» **YOUR GOAL**
All entries are to be copied verbatim, while the pictures stay out.

» **Spatial localization data**
·····

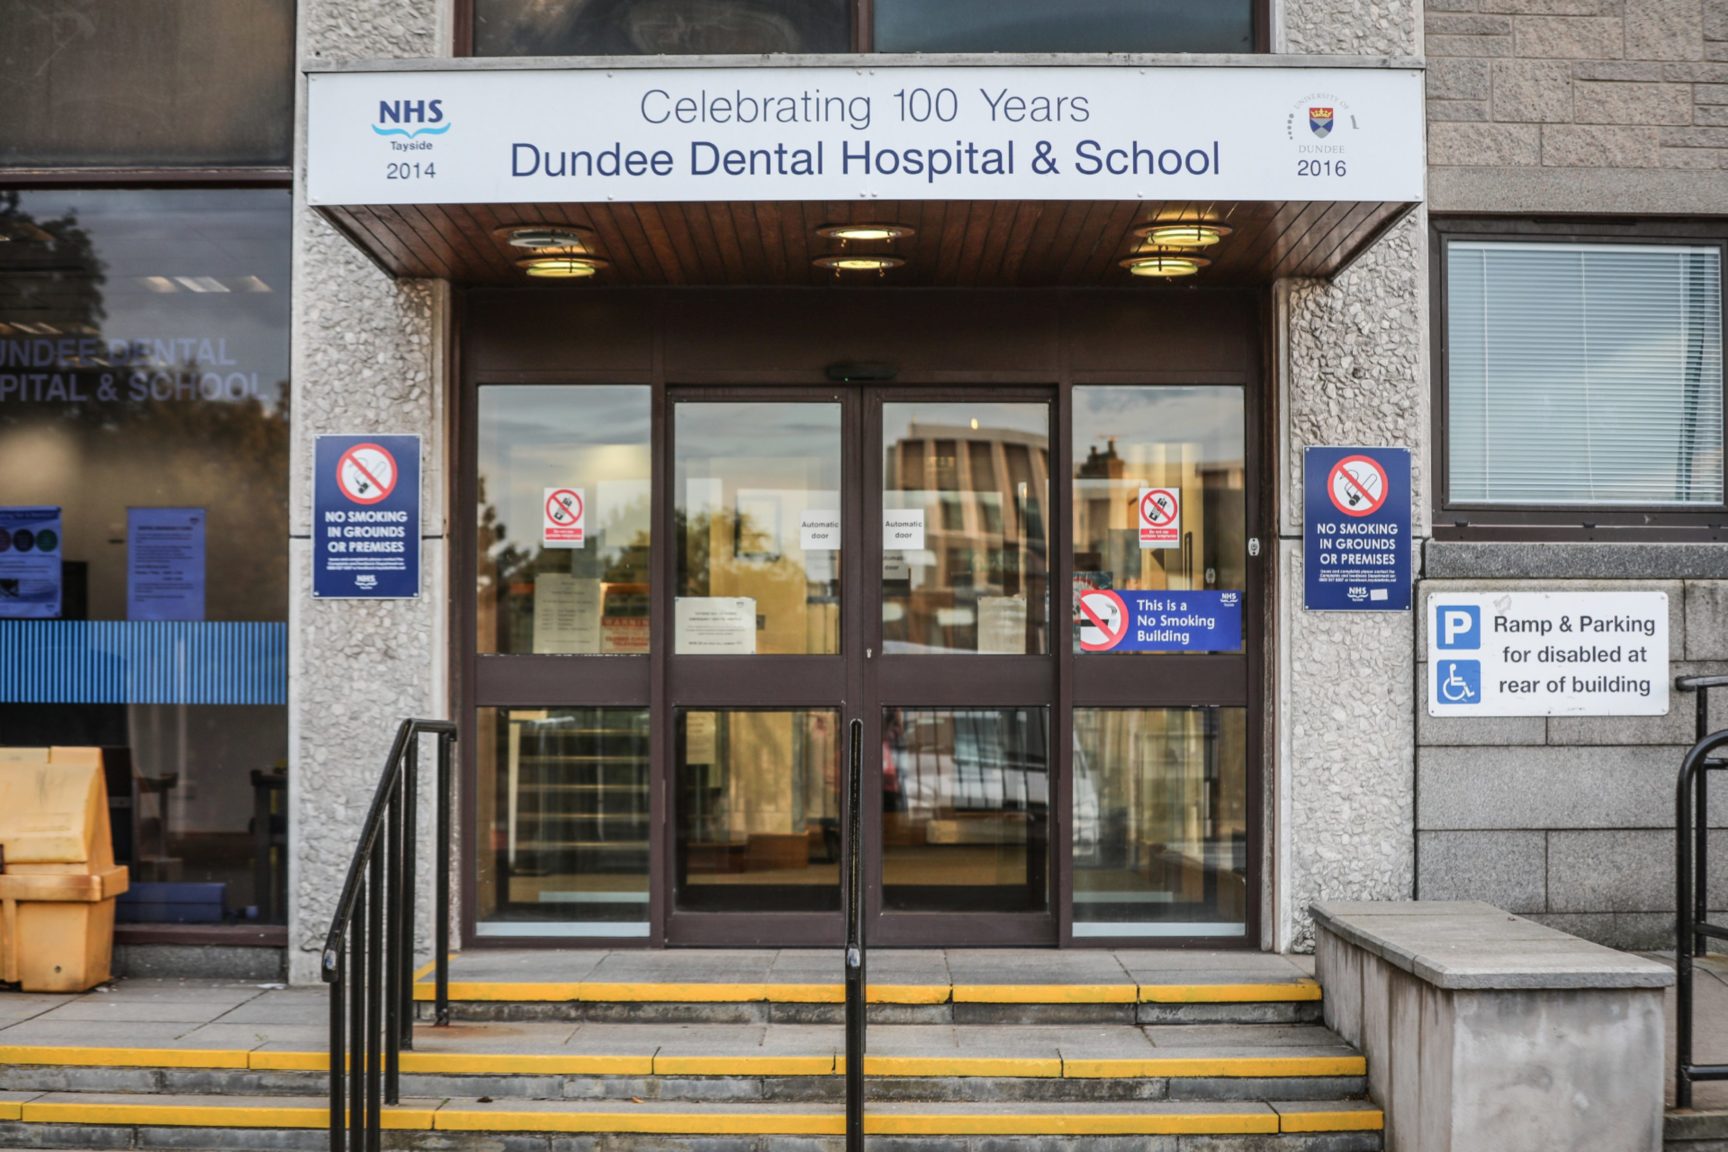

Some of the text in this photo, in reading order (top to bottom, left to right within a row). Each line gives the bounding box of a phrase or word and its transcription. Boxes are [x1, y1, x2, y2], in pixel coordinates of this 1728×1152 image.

[379, 99, 443, 123] NHS
[640, 88, 1090, 131] Celebrating 100 Years
[390, 140, 433, 151] Tayside
[1298, 145, 1345, 154] DUNDEE
[511, 139, 1219, 184] Dundee Dental Hospital & School
[1297, 159, 1347, 177] 2016
[386, 162, 437, 180] 2014
[108, 338, 237, 367] DENTAL
[97, 373, 119, 401] &
[128, 372, 269, 401] SCHOOL
[325, 511, 408, 523] NO SMOKING
[801, 520, 840, 528] Automatic
[885, 520, 923, 528] Automatic
[327, 526, 405, 538] IN GROUNDS
[1317, 523, 1398, 535] NO SMOKING
[327, 542, 405, 553] OR PREMISES
[1319, 538, 1396, 550] IN GROUNDS
[1319, 554, 1396, 566] OR PREMISES
[1221, 592, 1237, 600] NHS
[1348, 586, 1367, 594] NHS
[1136, 599, 1188, 612] This is a
[1137, 614, 1215, 630] No Smoking
[1444, 610, 1473, 645] P
[1494, 615, 1655, 637] Ramp & Parking
[1137, 630, 1190, 645] Building
[1502, 646, 1648, 663] for disabled at
[1499, 676, 1651, 697] rear of building

·····

» **SOLUTION TO THIS EXERCISE**
Some of the text in this photo, in reading order (top to bottom, left to right within a row). Each line gives the bounding box of a phrase or word and its transcription. Boxes are [x1, y1, x2, y2], in pixel coordinates of this 1728×1152 image.

[379, 99, 443, 123] NHS
[640, 88, 1090, 131] Celebrating 100 Years
[390, 140, 433, 151] Tayside
[1298, 145, 1345, 154] DUNDEE
[511, 139, 1219, 184] Dundee Dental Hospital & School
[1297, 159, 1347, 177] 2016
[386, 162, 437, 180] 2014
[108, 338, 237, 367] DENTAL
[97, 373, 119, 401] &
[128, 372, 269, 401] SCHOOL
[325, 511, 408, 523] NO SMOKING
[801, 520, 840, 528] Automatic
[885, 520, 923, 528] Automatic
[327, 526, 405, 538] IN GROUNDS
[1317, 523, 1398, 535] NO SMOKING
[327, 542, 405, 553] OR PREMISES
[1319, 538, 1396, 550] IN GROUNDS
[1319, 554, 1396, 566] OR PREMISES
[1221, 592, 1237, 600] NHS
[1348, 586, 1367, 594] NHS
[1136, 599, 1188, 612] This is a
[1137, 614, 1215, 630] No Smoking
[1444, 610, 1473, 645] P
[1494, 615, 1655, 637] Ramp & Parking
[1137, 630, 1190, 645] Building
[1502, 646, 1648, 663] for disabled at
[1499, 676, 1651, 697] rear of building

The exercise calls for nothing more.